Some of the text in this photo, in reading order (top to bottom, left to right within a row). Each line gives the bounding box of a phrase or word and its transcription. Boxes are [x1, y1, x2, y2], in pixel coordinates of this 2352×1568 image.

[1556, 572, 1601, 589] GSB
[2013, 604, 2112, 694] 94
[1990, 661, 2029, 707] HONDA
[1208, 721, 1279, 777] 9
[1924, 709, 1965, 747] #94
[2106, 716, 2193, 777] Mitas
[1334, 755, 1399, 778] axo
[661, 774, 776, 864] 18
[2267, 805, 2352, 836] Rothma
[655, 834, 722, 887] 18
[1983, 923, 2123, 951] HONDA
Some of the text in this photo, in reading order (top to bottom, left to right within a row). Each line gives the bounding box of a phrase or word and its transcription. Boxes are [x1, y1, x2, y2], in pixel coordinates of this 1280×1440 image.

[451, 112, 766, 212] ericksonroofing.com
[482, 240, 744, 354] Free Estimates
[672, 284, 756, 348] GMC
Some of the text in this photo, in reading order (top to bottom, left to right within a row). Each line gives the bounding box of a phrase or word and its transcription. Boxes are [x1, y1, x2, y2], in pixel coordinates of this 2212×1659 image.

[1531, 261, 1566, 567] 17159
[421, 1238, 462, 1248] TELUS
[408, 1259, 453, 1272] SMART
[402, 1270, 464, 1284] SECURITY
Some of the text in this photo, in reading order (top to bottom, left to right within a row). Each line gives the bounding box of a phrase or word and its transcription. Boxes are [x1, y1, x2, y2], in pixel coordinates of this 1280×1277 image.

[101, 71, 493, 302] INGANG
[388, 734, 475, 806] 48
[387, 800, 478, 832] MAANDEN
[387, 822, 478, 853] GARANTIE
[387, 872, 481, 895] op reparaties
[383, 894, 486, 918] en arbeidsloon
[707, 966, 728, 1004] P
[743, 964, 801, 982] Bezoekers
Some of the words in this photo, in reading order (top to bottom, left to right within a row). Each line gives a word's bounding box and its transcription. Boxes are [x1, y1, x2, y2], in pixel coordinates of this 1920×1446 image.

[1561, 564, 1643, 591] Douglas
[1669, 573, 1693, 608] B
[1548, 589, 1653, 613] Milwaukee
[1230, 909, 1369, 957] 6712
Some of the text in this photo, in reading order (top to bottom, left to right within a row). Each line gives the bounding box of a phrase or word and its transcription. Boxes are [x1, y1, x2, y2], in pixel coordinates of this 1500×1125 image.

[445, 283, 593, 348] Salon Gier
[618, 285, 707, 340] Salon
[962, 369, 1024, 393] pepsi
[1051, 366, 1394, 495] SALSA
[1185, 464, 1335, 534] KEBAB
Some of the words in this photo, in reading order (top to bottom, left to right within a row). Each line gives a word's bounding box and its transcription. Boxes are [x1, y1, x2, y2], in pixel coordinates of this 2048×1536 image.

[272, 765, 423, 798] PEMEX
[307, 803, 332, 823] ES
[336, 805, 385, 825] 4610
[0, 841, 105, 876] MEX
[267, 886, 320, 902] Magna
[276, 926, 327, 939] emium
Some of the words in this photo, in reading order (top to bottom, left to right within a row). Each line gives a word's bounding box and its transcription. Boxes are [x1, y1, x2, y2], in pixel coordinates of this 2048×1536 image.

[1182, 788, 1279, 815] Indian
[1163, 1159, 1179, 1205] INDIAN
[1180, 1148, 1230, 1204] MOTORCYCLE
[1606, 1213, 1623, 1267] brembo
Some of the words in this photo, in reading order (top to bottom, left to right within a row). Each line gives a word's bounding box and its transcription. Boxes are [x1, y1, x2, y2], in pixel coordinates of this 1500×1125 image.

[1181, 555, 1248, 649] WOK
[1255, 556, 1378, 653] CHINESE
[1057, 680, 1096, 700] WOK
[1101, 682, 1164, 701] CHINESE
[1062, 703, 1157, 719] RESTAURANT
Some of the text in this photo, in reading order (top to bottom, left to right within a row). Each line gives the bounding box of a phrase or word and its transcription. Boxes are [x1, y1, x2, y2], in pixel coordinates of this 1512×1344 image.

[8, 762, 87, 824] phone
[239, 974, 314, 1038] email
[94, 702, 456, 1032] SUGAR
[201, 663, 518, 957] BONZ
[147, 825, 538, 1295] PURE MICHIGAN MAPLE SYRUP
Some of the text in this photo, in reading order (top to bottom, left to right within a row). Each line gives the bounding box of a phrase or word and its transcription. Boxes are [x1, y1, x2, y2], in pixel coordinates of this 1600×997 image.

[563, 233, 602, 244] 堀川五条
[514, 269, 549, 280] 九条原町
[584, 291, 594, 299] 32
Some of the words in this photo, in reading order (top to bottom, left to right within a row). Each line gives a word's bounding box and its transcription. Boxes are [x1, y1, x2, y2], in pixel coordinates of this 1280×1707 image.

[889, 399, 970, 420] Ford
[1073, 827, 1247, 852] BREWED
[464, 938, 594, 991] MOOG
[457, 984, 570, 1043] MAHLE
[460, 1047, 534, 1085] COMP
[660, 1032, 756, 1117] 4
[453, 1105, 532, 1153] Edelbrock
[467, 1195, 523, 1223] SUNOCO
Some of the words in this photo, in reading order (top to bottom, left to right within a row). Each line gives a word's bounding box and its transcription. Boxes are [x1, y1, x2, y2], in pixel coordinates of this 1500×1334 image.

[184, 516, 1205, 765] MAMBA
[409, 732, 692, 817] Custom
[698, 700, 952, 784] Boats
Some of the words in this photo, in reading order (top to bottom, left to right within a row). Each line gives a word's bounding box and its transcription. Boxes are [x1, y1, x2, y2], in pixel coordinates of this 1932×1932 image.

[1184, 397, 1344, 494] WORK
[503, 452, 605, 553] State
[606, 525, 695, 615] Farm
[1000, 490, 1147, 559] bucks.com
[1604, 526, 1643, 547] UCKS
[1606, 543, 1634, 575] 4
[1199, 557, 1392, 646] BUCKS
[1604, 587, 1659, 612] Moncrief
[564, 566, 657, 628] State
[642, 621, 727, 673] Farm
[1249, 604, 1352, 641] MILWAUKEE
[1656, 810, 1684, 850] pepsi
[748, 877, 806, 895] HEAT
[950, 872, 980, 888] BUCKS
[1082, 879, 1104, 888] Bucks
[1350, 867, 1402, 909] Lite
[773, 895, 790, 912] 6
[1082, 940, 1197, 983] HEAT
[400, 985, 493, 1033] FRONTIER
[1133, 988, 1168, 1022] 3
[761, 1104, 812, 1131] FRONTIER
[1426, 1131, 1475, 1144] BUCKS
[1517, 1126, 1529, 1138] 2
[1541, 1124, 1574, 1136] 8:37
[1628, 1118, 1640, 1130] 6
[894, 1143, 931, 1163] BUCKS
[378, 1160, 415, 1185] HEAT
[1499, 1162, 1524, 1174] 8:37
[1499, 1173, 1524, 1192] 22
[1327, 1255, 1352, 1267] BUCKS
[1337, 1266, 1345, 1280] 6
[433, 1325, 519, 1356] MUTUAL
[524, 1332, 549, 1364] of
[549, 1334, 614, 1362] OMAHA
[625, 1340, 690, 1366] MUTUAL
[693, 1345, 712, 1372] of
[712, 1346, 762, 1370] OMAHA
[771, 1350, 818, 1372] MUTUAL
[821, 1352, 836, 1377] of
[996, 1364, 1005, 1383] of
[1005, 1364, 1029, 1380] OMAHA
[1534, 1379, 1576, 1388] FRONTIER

* _Instructions for the task_
Restate all of the entries above precisely.

* _Answer space_
Some of the text in this photo, in reading order (top to bottom, left to right within a row). Each line gives the bounding box of a phrase or word and its transcription. Boxes are [x1, y1, x2, y2], in pixel coordinates of this 2352×1568 image.

[1556, 572, 1601, 589] GSB
[2013, 604, 2112, 694] 94
[1990, 661, 2029, 707] HONDA
[1208, 721, 1279, 777] 9
[1924, 709, 1965, 747] #94
[2106, 716, 2193, 777] Mitas
[1334, 755, 1399, 778] axo
[661, 774, 776, 864] 18
[2267, 805, 2352, 836] Rothma
[655, 834, 722, 887] 18
[1983, 923, 2123, 951] HONDA
Some of the text in this photo, in reading order (top to bottom, left to right within a row). Each line gives the bounding box of a phrase or word and its transcription. Boxes are [x1, y1, x2, y2], in pixel coordinates of this 1280×1440 image.

[451, 112, 766, 212] ericksonroofing.com
[482, 240, 744, 354] Free Estimates
[672, 284, 756, 348] GMC
Some of the text in this photo, in reading order (top to bottom, left to right within a row). Each line gives the bounding box of a phrase or word and its transcription. Boxes are [x1, y1, x2, y2], in pixel coordinates of this 2212×1659 image.

[1531, 261, 1566, 567] 17159
[421, 1238, 462, 1248] TELUS
[408, 1259, 453, 1272] SMART
[402, 1270, 464, 1284] SECURITY
Some of the text in this photo, in reading order (top to bottom, left to right within a row). Each line gives the bounding box of a phrase or word and its transcription. Boxes are [x1, y1, x2, y2], in pixel coordinates of this 1280×1277 image.

[101, 71, 493, 302] INGANG
[388, 734, 475, 806] 48
[387, 800, 478, 832] MAANDEN
[387, 822, 478, 853] GARANTIE
[387, 872, 481, 895] op reparaties
[383, 894, 486, 918] en arbeidsloon
[707, 966, 728, 1004] P
[743, 964, 801, 982] Bezoekers
Some of the words in this photo, in reading order (top to bottom, left to right within a row). Each line gives a word's bounding box and its transcription. Boxes are [x1, y1, x2, y2], in pixel coordinates of this 1920×1446 image.

[1561, 564, 1643, 591] Douglas
[1669, 573, 1693, 608] B
[1548, 589, 1653, 613] Milwaukee
[1230, 909, 1369, 957] 6712
Some of the text in this photo, in reading order (top to bottom, left to right within a row). Each line gives the bounding box of a phrase or word and its transcription. Boxes are [x1, y1, x2, y2], in pixel coordinates of this 1500×1125 image.

[445, 283, 593, 348] Salon Gier
[618, 285, 707, 340] Salon
[962, 369, 1024, 393] pepsi
[1051, 366, 1394, 495] SALSA
[1185, 464, 1335, 534] KEBAB
Some of the words in this photo, in reading order (top to bottom, left to right within a row). Each line gives a word's bounding box and its transcription. Boxes are [x1, y1, x2, y2], in pixel coordinates of this 2048×1536 image.

[272, 765, 423, 798] PEMEX
[307, 803, 332, 823] ES
[336, 805, 385, 825] 4610
[0, 841, 105, 876] MEX
[267, 886, 320, 902] Magna
[276, 926, 327, 939] emium
Some of the words in this photo, in reading order (top to bottom, left to right within a row). Each line gives a word's bounding box and its transcription. Boxes are [x1, y1, x2, y2], in pixel coordinates of this 2048×1536 image.

[1182, 788, 1279, 815] Indian
[1163, 1159, 1179, 1205] INDIAN
[1180, 1148, 1230, 1204] MOTORCYCLE
[1606, 1213, 1623, 1267] brembo
Some of the words in this photo, in reading order (top to bottom, left to right within a row). Each line gives a word's bounding box and its transcription. Boxes are [x1, y1, x2, y2], in pixel coordinates of this 1500×1125 image.

[1181, 555, 1248, 649] WOK
[1255, 556, 1378, 653] CHINESE
[1057, 680, 1096, 700] WOK
[1101, 682, 1164, 701] CHINESE
[1062, 703, 1157, 719] RESTAURANT
Some of the text in this photo, in reading order (top to bottom, left to right within a row). Each line gives the bounding box of a phrase or word and its transcription. Boxes are [x1, y1, x2, y2], in pixel coordinates of this 1512×1344 image.

[8, 762, 87, 824] phone
[239, 974, 314, 1038] email
[94, 702, 456, 1032] SUGAR
[201, 663, 518, 957] BONZ
[147, 825, 538, 1295] PURE MICHIGAN MAPLE SYRUP
Some of the text in this photo, in reading order (top to bottom, left to right within a row). Each line gives the bounding box of a phrase or word and its transcription. Boxes are [x1, y1, x2, y2], in pixel coordinates of this 1600×997 image.

[563, 233, 602, 244] 堀川五条
[514, 269, 549, 280] 九条原町
[584, 291, 594, 299] 32
Some of the words in this photo, in reading order (top to bottom, left to right within a row). Each line gives a word's bounding box and its transcription. Boxes are [x1, y1, x2, y2], in pixel coordinates of this 1280×1707 image.

[889, 399, 970, 420] Ford
[1073, 827, 1247, 852] BREWED
[464, 938, 594, 991] MOOG
[457, 984, 570, 1043] MAHLE
[460, 1047, 534, 1085] COMP
[660, 1032, 756, 1117] 4
[453, 1105, 532, 1153] Edelbrock
[467, 1195, 523, 1223] SUNOCO
Some of the words in this photo, in reading order (top to bottom, left to right within a row). Each line gives a word's bounding box and its transcription. Boxes are [x1, y1, x2, y2], in pixel coordinates of this 1500×1334 image.

[184, 516, 1205, 765] MAMBA
[409, 732, 692, 817] Custom
[698, 700, 952, 784] Boats
Some of the words in this photo, in reading order (top to bottom, left to right within a row). Each line gives a word's bounding box and its transcription. Boxes are [x1, y1, x2, y2], in pixel coordinates of this 1932×1932 image.

[1184, 397, 1344, 494] WORK
[503, 452, 605, 553] State
[606, 525, 695, 615] Farm
[1000, 490, 1147, 559] bucks.com
[1604, 526, 1643, 547] UCKS
[1606, 543, 1634, 575] 4
[1199, 557, 1392, 646] BUCKS
[1604, 587, 1659, 612] Moncrief
[564, 566, 657, 628] State
[642, 621, 727, 673] Farm
[1249, 604, 1352, 641] MILWAUKEE
[1656, 810, 1684, 850] pepsi
[748, 877, 806, 895] HEAT
[950, 872, 980, 888] BUCKS
[1082, 879, 1104, 888] Bucks
[1350, 867, 1402, 909] Lite
[773, 895, 790, 912] 6
[1082, 940, 1197, 983] HEAT
[400, 985, 493, 1033] FRONTIER
[1133, 988, 1168, 1022] 3
[761, 1104, 812, 1131] FRONTIER
[1426, 1131, 1475, 1144] BUCKS
[1517, 1126, 1529, 1138] 2
[1541, 1124, 1574, 1136] 8:37
[1628, 1118, 1640, 1130] 6
[894, 1143, 931, 1163] BUCKS
[378, 1160, 415, 1185] HEAT
[1499, 1162, 1524, 1174] 8:37
[1499, 1173, 1524, 1192] 22
[1327, 1255, 1352, 1267] BUCKS
[1337, 1266, 1345, 1280] 6
[433, 1325, 519, 1356] MUTUAL
[524, 1332, 549, 1364] of
[549, 1334, 614, 1362] OMAHA
[625, 1340, 690, 1366] MUTUAL
[693, 1345, 712, 1372] of
[712, 1346, 762, 1370] OMAHA
[771, 1350, 818, 1372] MUTUAL
[821, 1352, 836, 1377] of
[996, 1364, 1005, 1383] of
[1005, 1364, 1029, 1380] OMAHA
[1534, 1379, 1576, 1388] FRONTIER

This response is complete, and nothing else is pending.